Set the listing down exactly; no pictures.

[[ Given information open ]]

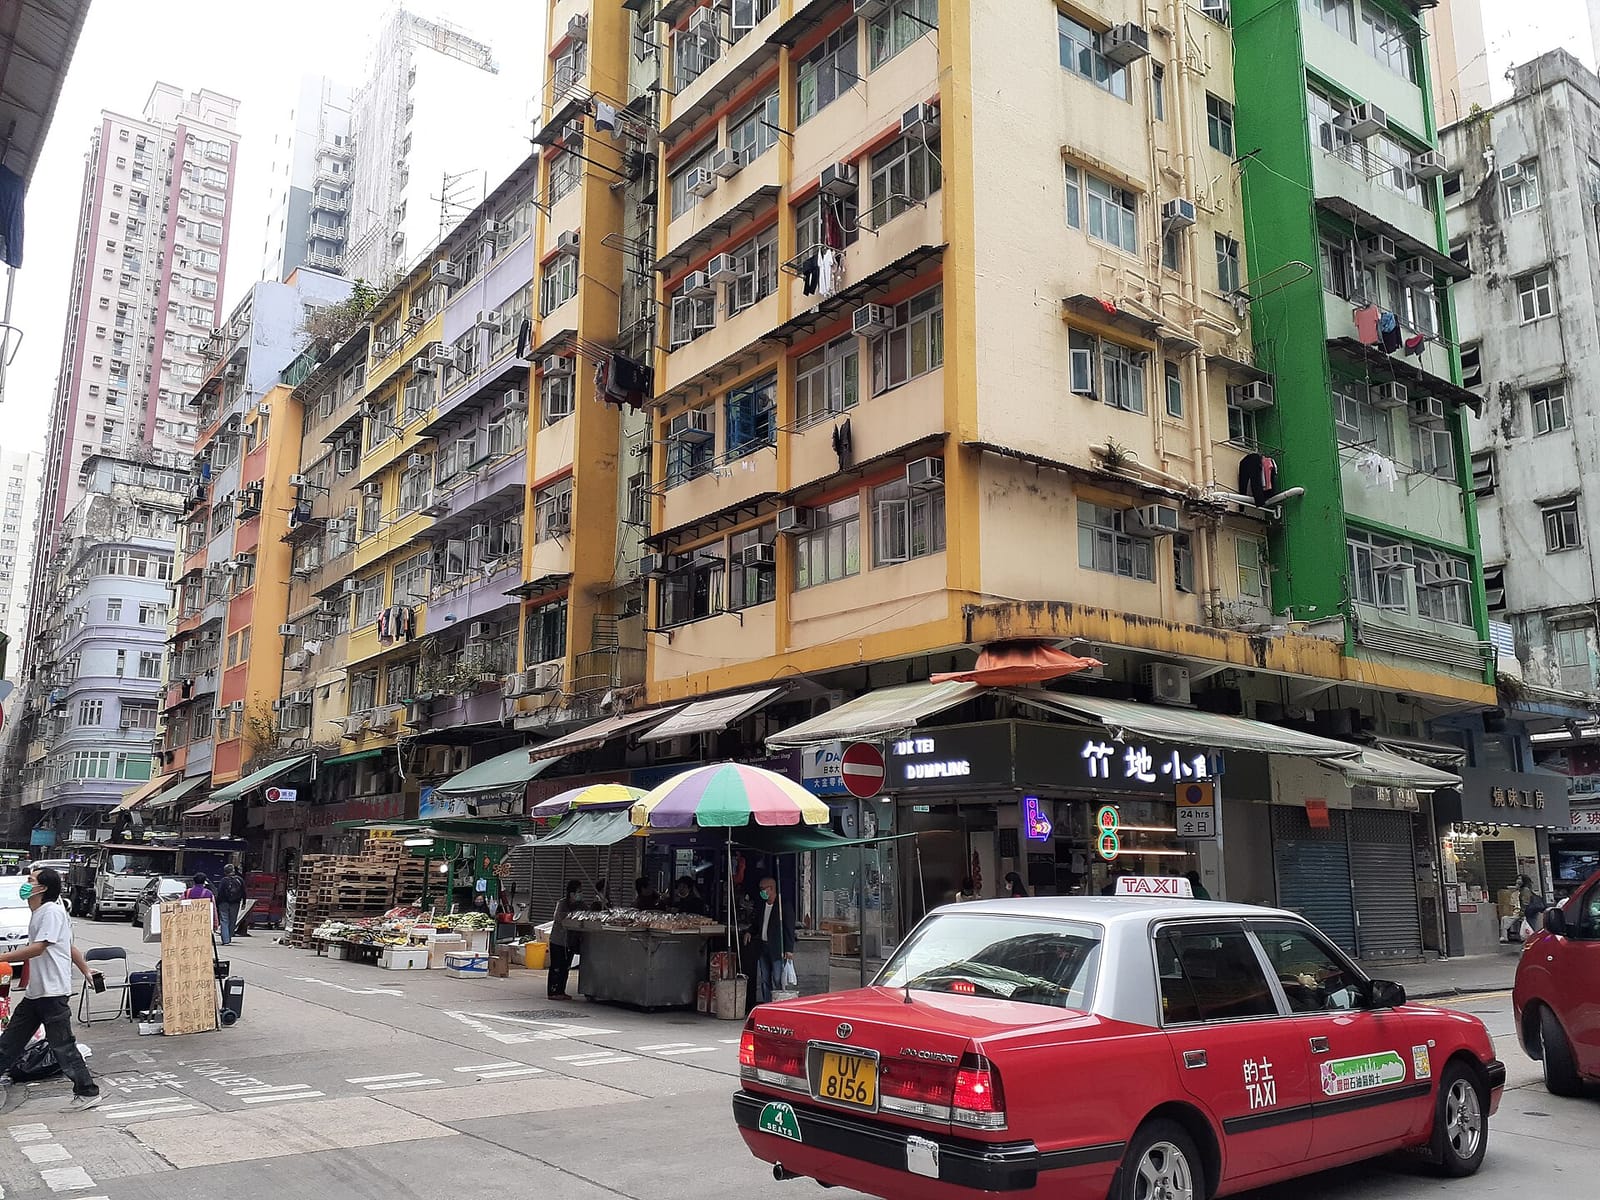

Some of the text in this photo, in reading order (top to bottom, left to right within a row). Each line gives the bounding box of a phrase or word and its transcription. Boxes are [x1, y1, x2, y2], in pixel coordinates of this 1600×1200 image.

[906, 760, 970, 780] DUMPLING
[1180, 809, 1210, 819] 24 hrs
[1183, 821, 1207, 833] 全日
[1122, 878, 1178, 894] TAXI
[918, 1050, 959, 1063] COMFORT
[838, 1056, 861, 1079] UV
[1243, 1056, 1273, 1083] 的士
[827, 1076, 867, 1102] 8156
[1246, 1080, 1277, 1109] TAXI
[773, 1102, 790, 1114] TAXI
[774, 1111, 784, 1126] 4
[767, 1122, 793, 1137] SEATS

[[ Given information closed ]]

### Exercise response
Some of the text in this photo, in reading order (top to bottom, left to right within a row). Each line gives the bounding box of a phrase or word and its transcription. Boxes are [x1, y1, x2, y2], in pixel coordinates of this 1600×1200 image.

[906, 760, 970, 780] DUMPLING
[1180, 809, 1210, 819] 24 hrs
[1183, 821, 1207, 833] 全日
[1122, 878, 1178, 894] TAXI
[918, 1050, 959, 1063] COMFORT
[838, 1056, 861, 1079] UV
[1243, 1056, 1273, 1083] 的士
[827, 1076, 867, 1102] 8156
[1246, 1080, 1277, 1109] TAXI
[773, 1102, 790, 1114] TAXI
[774, 1111, 784, 1126] 4
[767, 1122, 793, 1137] SEATS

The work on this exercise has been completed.